Un esito quasi scontato dell’azzardo è la necessità di avere denaro attraverso l’usura…
La Fondazione San Bernardino incontra molte persone che sono indebitate e quindi a rischio di usura, perché chi è indebitato se non sa a chi rivolgersi rischia di cedere alle offerte di denaro facile. Siano famiglie siano imprese, il vero problema soprattutto in realtà ricche come la Lombardia è che ci sono molti tentativi da parte della criminalità organizzata di penetrare l’economia legale e di incrociare i bisogni di denaro della popolazione offrendo denaro, entrando nella logica estorsiva o usuraria. Tutto questo viene aggravato dalla capacità della criminalità organizzata di gestire anche il settore dell’azzardo. Il gioco è una conseguenza della situazione di indebitamento di una persona, perché quando uno è indebitato per trovare la soluzione alla propria crisi di liquidità tenta la fortuna ed è chiaramente una soluzione irrazionale. Dall’altra parte giocando ci si impoverisce, perché alla fine vince sempre il banco. Anche se uno fa qualche vincita, a volte gli stessi giochi sono organizzati in modo tale che la devi rigiocare, perpetuando la dipendenza dall’azzardo.
Quale contributo dà il sistema bancario per sostenere la lotta all’usura?
Il sistema bancario è all’incrocio di tanti interessi. Ci sono banche molto sensibili e sono interessate a promuovere tutto ciò che è prevenzione rispetto ai disagi, ma dall’altra parte aprono conti online. Difficilmente riescono a rispondere ai nostri appelli di interrompere o di chiudere un conto online, perché ci sono i ricorsi delle aziende concessionarie di quei giochi, italiane e multinazionali. Quindi gli interessi economici sono rilevanti e sappiamo che le banche non sono insensibili alle pressioni di grandi capitali. Bisognerà fare qualcosa anche al livello di direttori di filiale per intervenire quando una persona prosciuga il proprio conto corrente per evidenti legami con l’azzardo e le scommesse. Però tutto questo va costruito.

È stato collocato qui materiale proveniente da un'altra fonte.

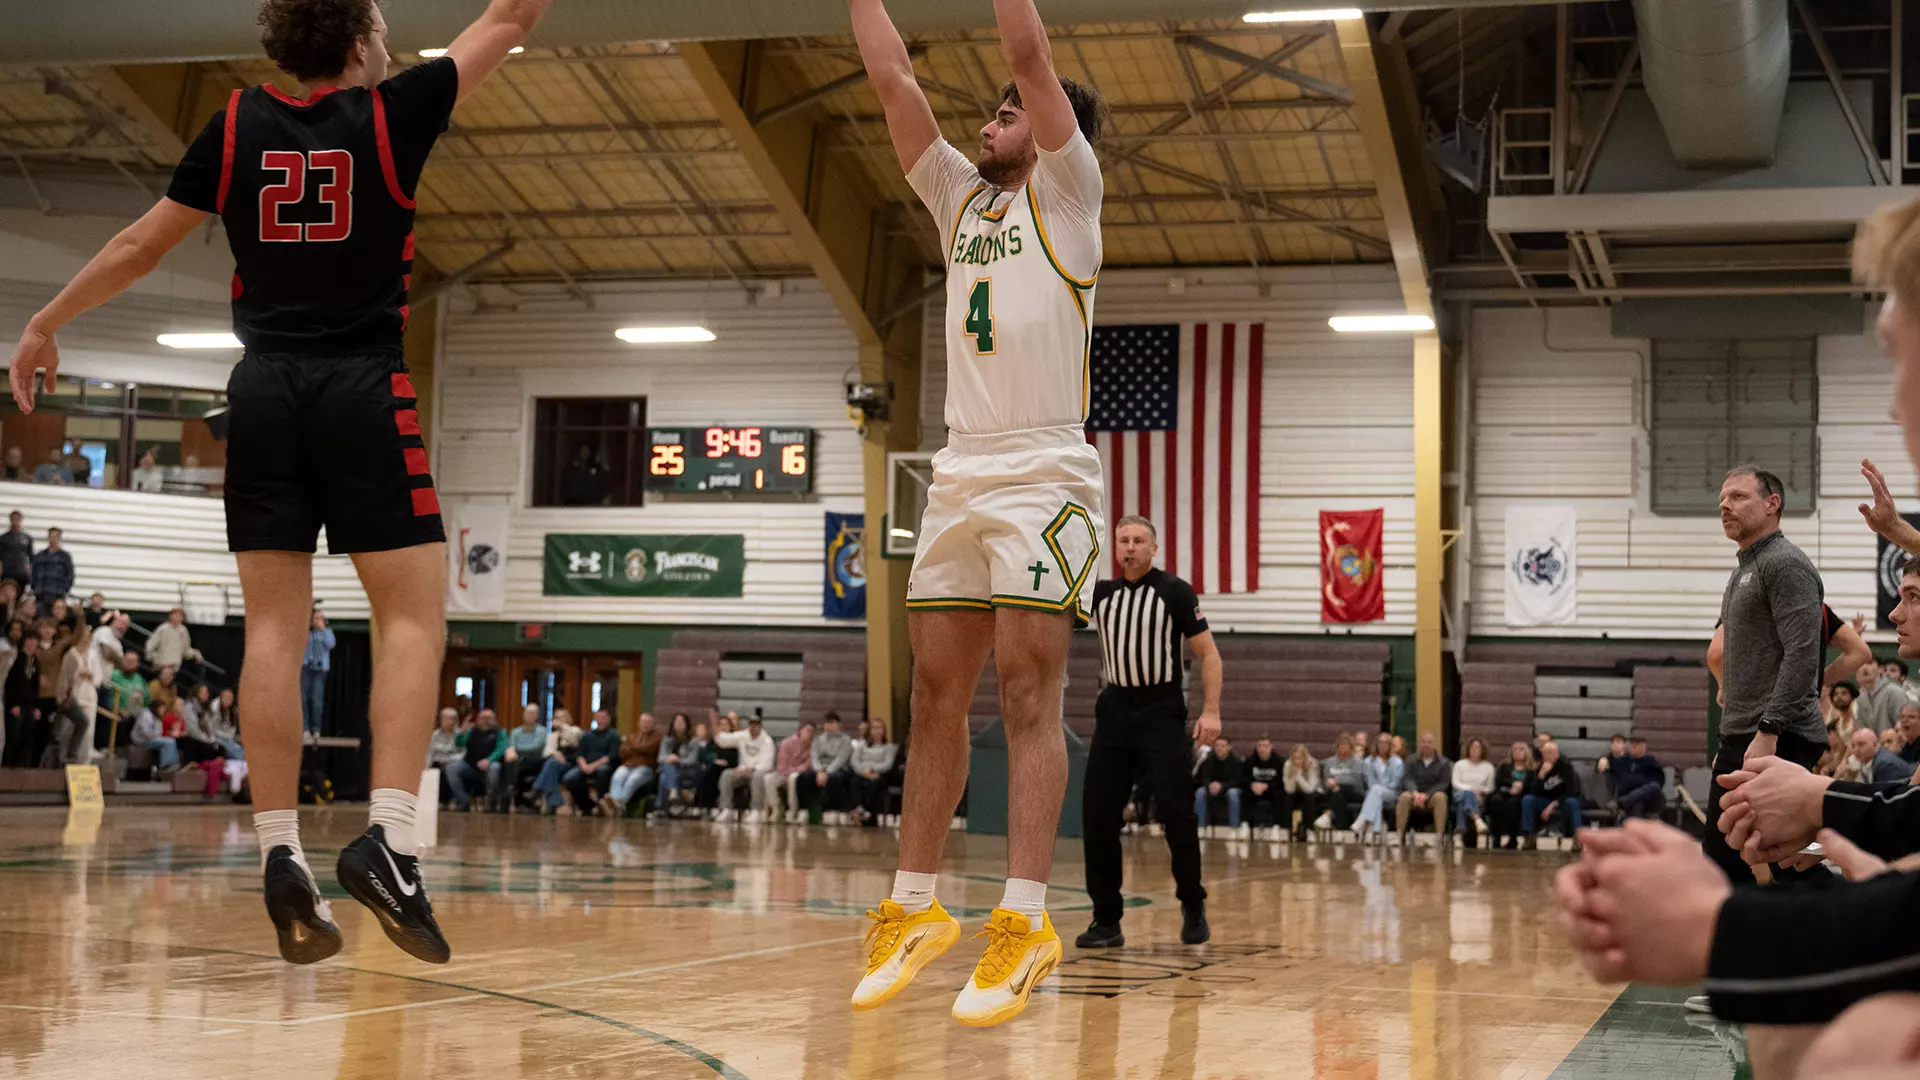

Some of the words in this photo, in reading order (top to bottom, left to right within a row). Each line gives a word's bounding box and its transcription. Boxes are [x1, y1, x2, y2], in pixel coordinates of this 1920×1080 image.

Cosa può fare la comunità cristiana?
C’è un grande problema educativo che va affrontato e la Chiesa su questo c’è, non può non esserci perché ne va del futuro di queste generazioni. Soprattutto indicando le priorità, i valori che trasmettiamo ai nostri ragazzi: per arricchirsi non basta il colpo di fortuna anzi a volte fa male, ma bisogna studiare, lavorare, impegnarsi perché i propri progetti vengano realizzati anche con il legittimo guadagno economico. Ci sono giochi che promettono per 20 anni uno stipendio di 3-4 mila euro al mese. Dal punto di vista educativo non ci siamo, perché tutti per guadagnare il giusto, uno stipendio dignitoso, dobbiamo lavorare. Invece in quel modo si fa credere che con un colpo di fortuna si possono risolvere tutti i problemi o essere felici in eterno. Questa è un’illusione, perché anche quelli che vincono si rovinano per tanti motivi. C’è un problema educativo grande, con molte famiglie spaccate, attraversate da questi fenomeni. Quindi la Chiesa su questo sta cercando di fare molto, non solo per soccorrere le persone che sono già vittime di questi fenomeni, ma anche di cambiare la mentalità denunciando se necessario i meccanismi economici che portano a risultati assolutamente non positivi per la società.